The paragraphs I want to show you are from a chapter called “A Yo-Yo Going Down, a Mad Squirrel Coming Up.”

Frank Conroy:

The situation was embarrassing, ridiculous, sometimes unbearable, but I knew it couldn’t be changed. Set very deeply in my mind was the idea that any program of self-betterment would be doomed from the start. To change from weakling to strongman, from C student to A student, from bad boy to good boy! I not only believed it couldn’t be done, but even that it wasn’t worth doing. Success would have made me another person, or an actor hiding the past. And I wouldn’t succeed, I would fail. Failure was dangerous, threatening my only reliable source of strength, my pride. I was proud, and God knows why. I had no reason to be. I’d picked it up somewhere and it held me together. Better simply to live in my absurd body and not think about it.

One could always drift in the warm cloudy water, hearing the cries from the beach skipping out like stones over the soft roar of the breakers, watching the immense clouds, feeling the sun on wet hair. There was always the knowledge of one’s shadow, an extension of oneself slanting down in a long dark bar, a black column sliding into the depths and into the darkness.
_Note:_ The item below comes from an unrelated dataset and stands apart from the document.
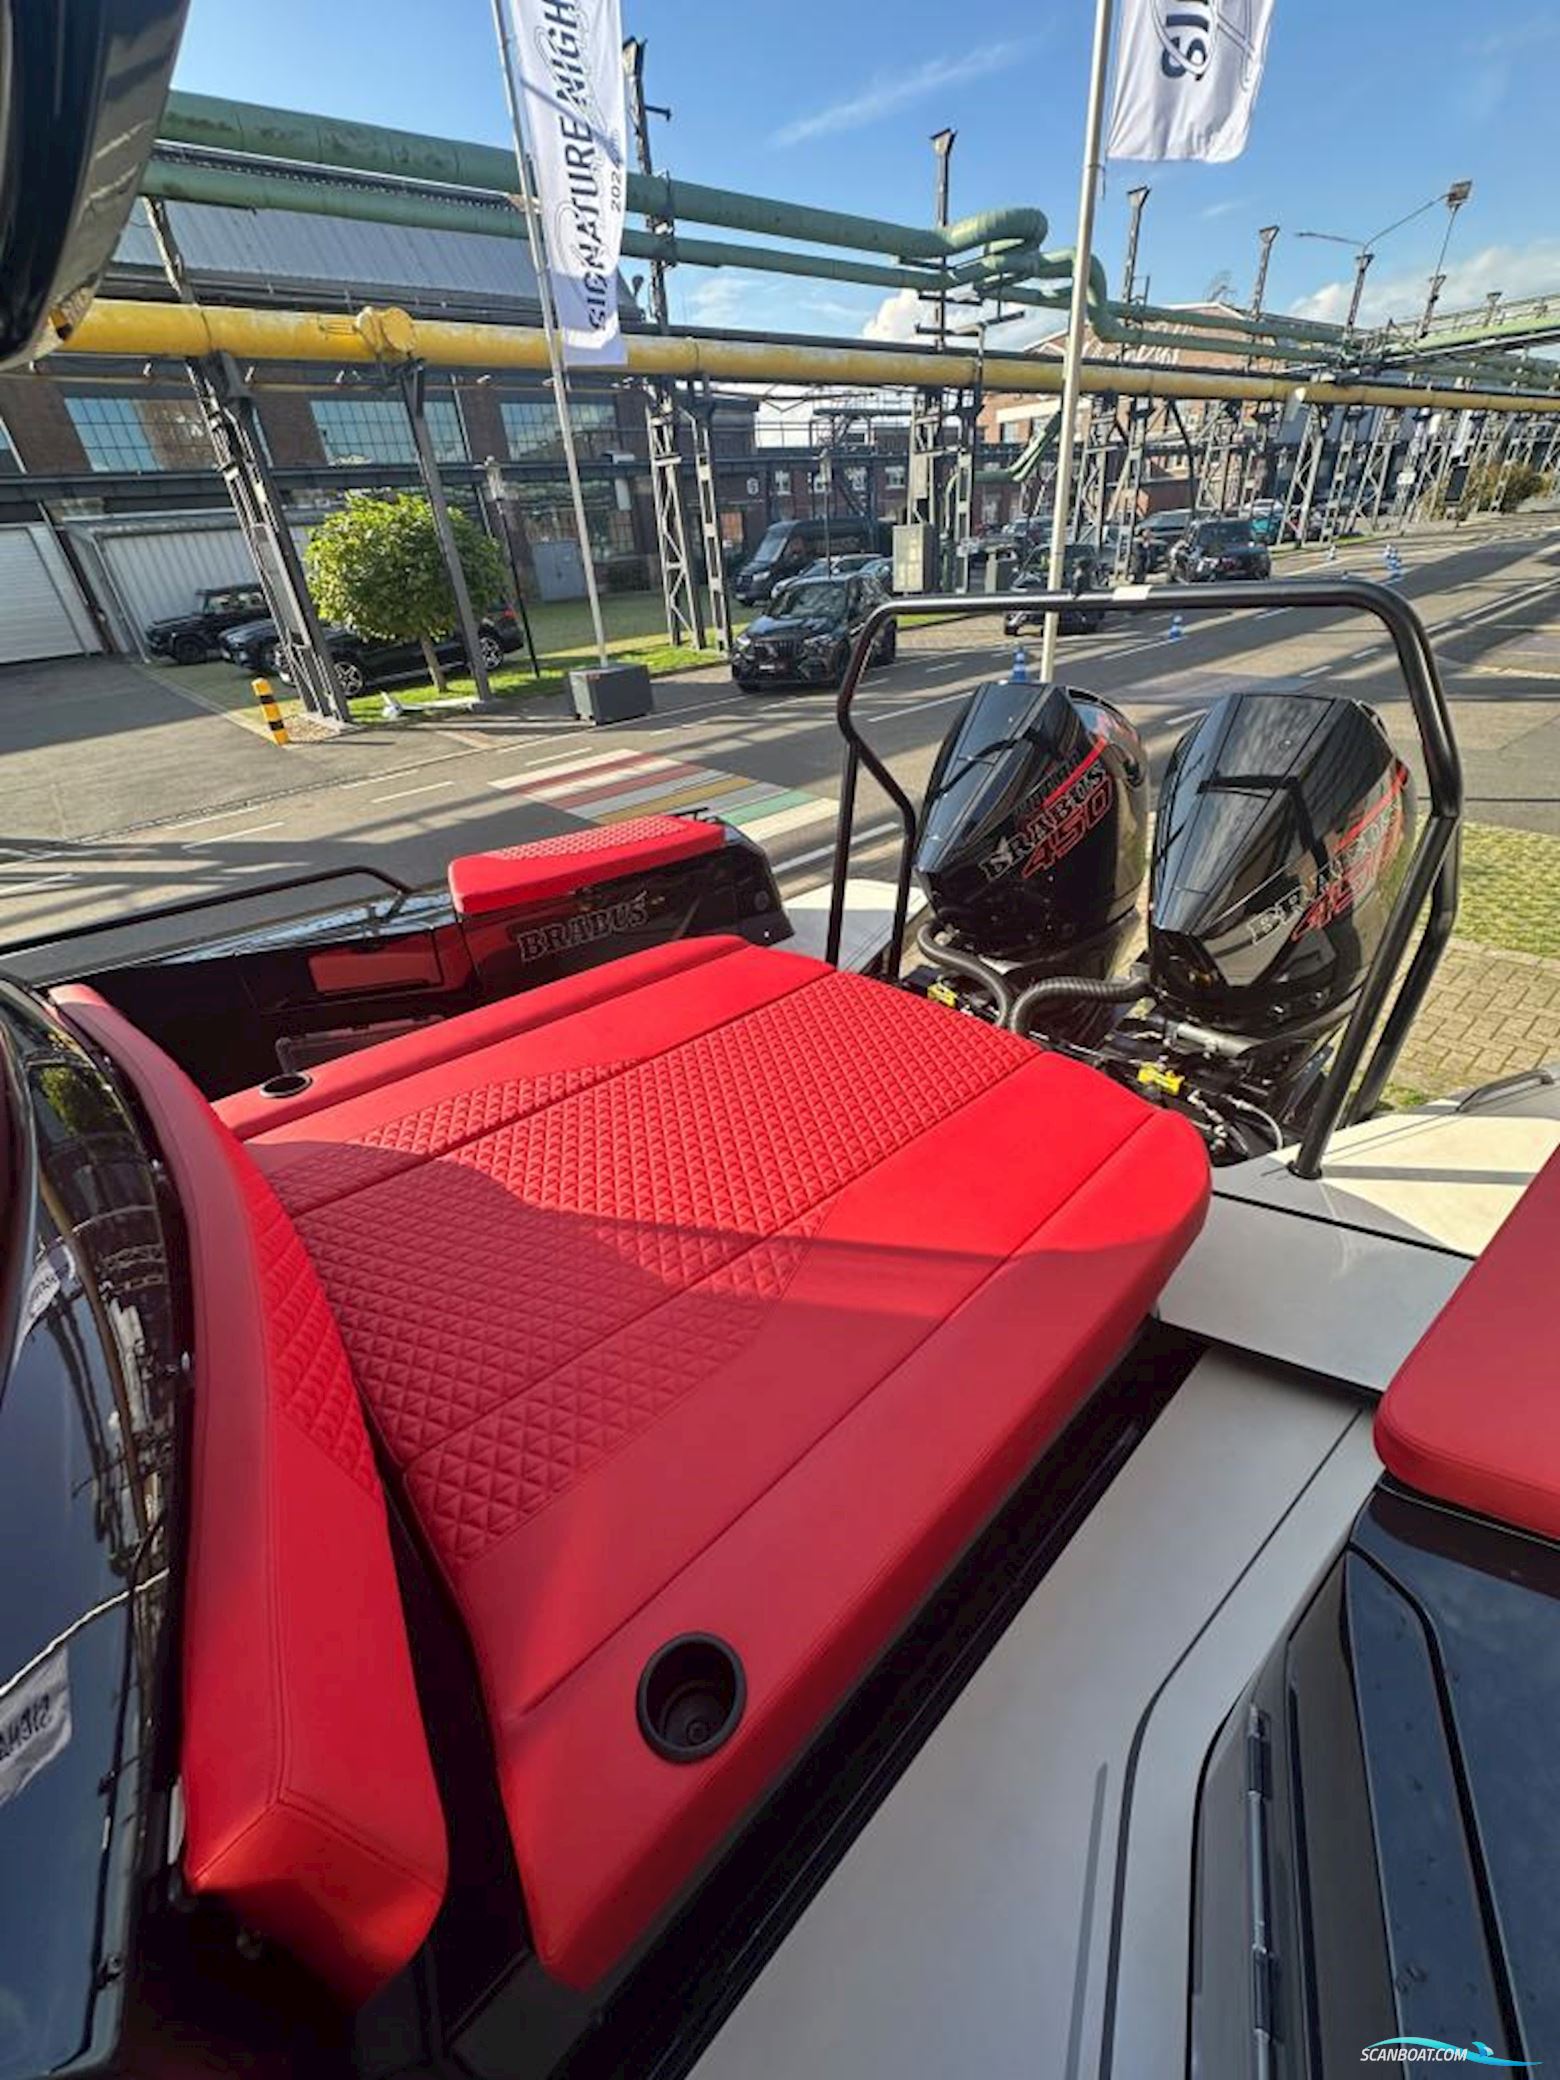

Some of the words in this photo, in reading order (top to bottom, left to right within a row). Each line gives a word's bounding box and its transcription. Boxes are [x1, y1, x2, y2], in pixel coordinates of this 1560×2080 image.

[559, 115, 608, 332] SIGNATURE
[978, 758, 1107, 882] BRABUS
[1021, 774, 1113, 880] 450
[517, 895, 648, 963] BRABUS
The idea and the concrete, the idea and the concrete. But which is which? So good.

Write about a change you needed to make (whether you did or didn’t) , and an experience in your body from that time period in the next paragraph.

Here’s an excerpt of something I’m working on:

Some people change because they know it’s the right thing to do, are able to take care of themselves because they have the good sense to know it’s necessary. I only have the courage to change when it’s in the service of someone else. When alone, I am lazy and still. Would rather go to bed hungry than fix a meal for just myself. In the absence of a witness (an audience) I turn to glass. I speak only to be heard. Sometimes to say fear me fear me fear me. Usually I speak to insist love me love me love me. There are variations, but these are the themes. Maybe this is why I write: to transform myself into an audience, to stay on stage, apart.

Five years into my marriage, when I was twenty-three years old, it occurred to me that not every family had a Top Secret mode, and that I didn’t want to raise a child with this understanding of anger. I rose each morning and ran miles to try to flush the anger out. Ran all through the winter, my ears pounding and body steaming on suburban sidewalks, red faced and out of touch with the air around me. I’d sit on the pebbly concrete stoop of the townhouse for a few minutes, then enter the sleeping house and quietly remove layers of fleece and wool, feeling too robust and useful for the knick-knacks, the pale rugs and silk-covered sofas, too big for the rest of my day.

 

The book opens with this poem:

Less and Less Human, O Savage Spirit
By Wallace Stevens

If there must be a god in the house, must be,
Saying things in the rooms and on the stair,

Let him move as the sunlight moves on the floor,
Or moonlight, silently, as Plato’s ghost

Or Aristotle’s skeleton. Let him hang out
His stars on the wall. He must dwell quietly.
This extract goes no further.